## Exercise brief
Give back every entry below, exactly as written.

## Material to process
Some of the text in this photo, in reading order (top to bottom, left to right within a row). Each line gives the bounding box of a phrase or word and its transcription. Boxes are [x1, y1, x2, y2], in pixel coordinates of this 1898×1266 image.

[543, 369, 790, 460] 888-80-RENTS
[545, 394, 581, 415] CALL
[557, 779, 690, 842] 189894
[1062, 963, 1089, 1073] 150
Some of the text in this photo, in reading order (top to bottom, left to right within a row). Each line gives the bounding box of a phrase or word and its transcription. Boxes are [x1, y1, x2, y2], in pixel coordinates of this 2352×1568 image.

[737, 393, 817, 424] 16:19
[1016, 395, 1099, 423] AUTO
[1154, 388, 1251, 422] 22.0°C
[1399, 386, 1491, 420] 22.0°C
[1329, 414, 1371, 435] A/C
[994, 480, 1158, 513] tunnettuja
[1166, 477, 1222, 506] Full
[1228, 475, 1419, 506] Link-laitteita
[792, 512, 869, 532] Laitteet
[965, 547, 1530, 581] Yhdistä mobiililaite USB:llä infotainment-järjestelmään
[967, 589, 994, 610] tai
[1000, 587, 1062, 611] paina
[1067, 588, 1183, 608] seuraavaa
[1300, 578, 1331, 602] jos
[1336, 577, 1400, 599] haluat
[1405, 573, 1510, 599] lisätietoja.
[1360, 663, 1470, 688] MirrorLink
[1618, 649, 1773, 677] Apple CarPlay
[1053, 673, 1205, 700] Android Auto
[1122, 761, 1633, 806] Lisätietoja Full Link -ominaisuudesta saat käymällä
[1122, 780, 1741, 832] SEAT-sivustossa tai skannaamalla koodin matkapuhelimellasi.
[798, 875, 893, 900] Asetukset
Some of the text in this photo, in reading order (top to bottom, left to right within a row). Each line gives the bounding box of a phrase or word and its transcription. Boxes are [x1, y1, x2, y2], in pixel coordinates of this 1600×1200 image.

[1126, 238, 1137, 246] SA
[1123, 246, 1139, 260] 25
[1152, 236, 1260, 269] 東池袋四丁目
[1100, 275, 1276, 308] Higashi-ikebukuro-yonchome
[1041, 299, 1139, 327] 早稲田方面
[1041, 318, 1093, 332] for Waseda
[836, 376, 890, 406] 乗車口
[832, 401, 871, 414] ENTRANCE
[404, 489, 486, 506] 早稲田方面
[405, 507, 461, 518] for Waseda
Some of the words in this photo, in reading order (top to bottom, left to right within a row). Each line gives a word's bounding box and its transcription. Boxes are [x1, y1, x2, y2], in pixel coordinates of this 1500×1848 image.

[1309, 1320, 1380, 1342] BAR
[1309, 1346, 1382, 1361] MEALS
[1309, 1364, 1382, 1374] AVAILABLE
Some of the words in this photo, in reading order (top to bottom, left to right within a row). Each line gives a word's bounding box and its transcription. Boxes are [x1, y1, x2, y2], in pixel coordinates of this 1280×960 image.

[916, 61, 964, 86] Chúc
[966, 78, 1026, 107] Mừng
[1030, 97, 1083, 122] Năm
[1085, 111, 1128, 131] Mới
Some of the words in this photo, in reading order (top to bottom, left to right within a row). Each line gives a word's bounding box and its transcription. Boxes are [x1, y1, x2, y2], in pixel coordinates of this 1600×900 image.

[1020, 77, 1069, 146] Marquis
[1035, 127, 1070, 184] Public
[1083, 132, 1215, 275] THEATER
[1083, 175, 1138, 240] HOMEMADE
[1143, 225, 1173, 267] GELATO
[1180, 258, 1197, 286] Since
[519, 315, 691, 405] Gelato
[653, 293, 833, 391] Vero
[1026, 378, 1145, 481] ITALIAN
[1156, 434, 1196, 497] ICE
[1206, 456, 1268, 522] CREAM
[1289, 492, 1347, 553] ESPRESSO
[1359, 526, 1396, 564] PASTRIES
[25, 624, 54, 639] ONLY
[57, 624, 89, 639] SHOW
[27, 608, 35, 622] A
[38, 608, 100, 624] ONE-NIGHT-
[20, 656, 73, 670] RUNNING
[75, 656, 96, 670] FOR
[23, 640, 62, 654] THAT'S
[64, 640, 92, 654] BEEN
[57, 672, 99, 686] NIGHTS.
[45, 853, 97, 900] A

## Reply
Some of the text in this photo, in reading order (top to bottom, left to right within a row). Each line gives the bounding box of a phrase or word and its transcription. Boxes are [x1, y1, x2, y2], in pixel coordinates of this 1898×1266 image.

[543, 369, 790, 460] 888-80-RENTS
[545, 394, 581, 415] CALL
[557, 779, 690, 842] 189894
[1062, 963, 1089, 1073] 150
Some of the text in this photo, in reading order (top to bottom, left to right within a row). Each line gives the bounding box of a phrase or word and its transcription. Boxes are [x1, y1, x2, y2], in pixel coordinates of this 2352×1568 image.

[737, 393, 817, 424] 16:19
[1016, 395, 1099, 423] AUTO
[1154, 388, 1251, 422] 22.0°C
[1399, 386, 1491, 420] 22.0°C
[1329, 414, 1371, 435] A/C
[994, 480, 1158, 513] tunnettuja
[1166, 477, 1222, 506] Full
[1228, 475, 1419, 506] Link-laitteita
[792, 512, 869, 532] Laitteet
[965, 547, 1530, 581] Yhdistä mobiililaite USB:llä infotainment-järjestelmään
[967, 589, 994, 610] tai
[1000, 587, 1062, 611] paina
[1067, 588, 1183, 608] seuraavaa
[1300, 578, 1331, 602] jos
[1336, 577, 1400, 599] haluat
[1405, 573, 1510, 599] lisätietoja.
[1360, 663, 1470, 688] MirrorLink
[1618, 649, 1773, 677] Apple CarPlay
[1053, 673, 1205, 700] Android Auto
[1122, 761, 1633, 806] Lisätietoja Full Link -ominaisuudesta saat käymällä
[1122, 780, 1741, 832] SEAT-sivustossa tai skannaamalla koodin matkapuhelimellasi.
[798, 875, 893, 900] Asetukset
Some of the text in this photo, in reading order (top to bottom, left to right within a row). Each line gives the bounding box of a phrase or word and its transcription. Boxes are [x1, y1, x2, y2], in pixel coordinates of this 1600×1200 image.

[1126, 238, 1137, 246] SA
[1123, 246, 1139, 260] 25
[1152, 236, 1260, 269] 東池袋四丁目
[1100, 275, 1276, 308] Higashi-ikebukuro-yonchome
[1041, 299, 1139, 327] 早稲田方面
[1041, 318, 1093, 332] for Waseda
[836, 376, 890, 406] 乗車口
[832, 401, 871, 414] ENTRANCE
[404, 489, 486, 506] 早稲田方面
[405, 507, 461, 518] for Waseda
Some of the words in this photo, in reading order (top to bottom, left to right within a row). Each line gives a word's bounding box and its transcription. Boxes are [x1, y1, x2, y2], in pixel coordinates of this 1500×1848 image.

[1309, 1320, 1380, 1342] BAR
[1309, 1346, 1382, 1361] MEALS
[1309, 1364, 1382, 1374] AVAILABLE
Some of the words in this photo, in reading order (top to bottom, left to right within a row). Each line gives a word's bounding box and its transcription. Boxes are [x1, y1, x2, y2], in pixel coordinates of this 1280×960 image.

[916, 61, 964, 86] Chúc
[966, 78, 1026, 107] Mừng
[1030, 97, 1083, 122] Năm
[1085, 111, 1128, 131] Mới
Some of the words in this photo, in reading order (top to bottom, left to right within a row). Each line gives a word's bounding box and its transcription. Boxes are [x1, y1, x2, y2], in pixel coordinates of this 1600×900 image.

[1020, 77, 1069, 146] Marquis
[1035, 127, 1070, 184] Public
[1083, 132, 1215, 275] THEATER
[1083, 175, 1138, 240] HOMEMADE
[1143, 225, 1173, 267] GELATO
[1180, 258, 1197, 286] Since
[519, 315, 691, 405] Gelato
[653, 293, 833, 391] Vero
[1026, 378, 1145, 481] ITALIAN
[1156, 434, 1196, 497] ICE
[1206, 456, 1268, 522] CREAM
[1289, 492, 1347, 553] ESPRESSO
[1359, 526, 1396, 564] PASTRIES
[25, 624, 54, 639] ONLY
[57, 624, 89, 639] SHOW
[27, 608, 35, 622] A
[38, 608, 100, 624] ONE-NIGHT-
[20, 656, 73, 670] RUNNING
[75, 656, 96, 670] FOR
[23, 640, 62, 654] THAT'S
[64, 640, 92, 654] BEEN
[57, 672, 99, 686] NIGHTS.
[45, 853, 97, 900] A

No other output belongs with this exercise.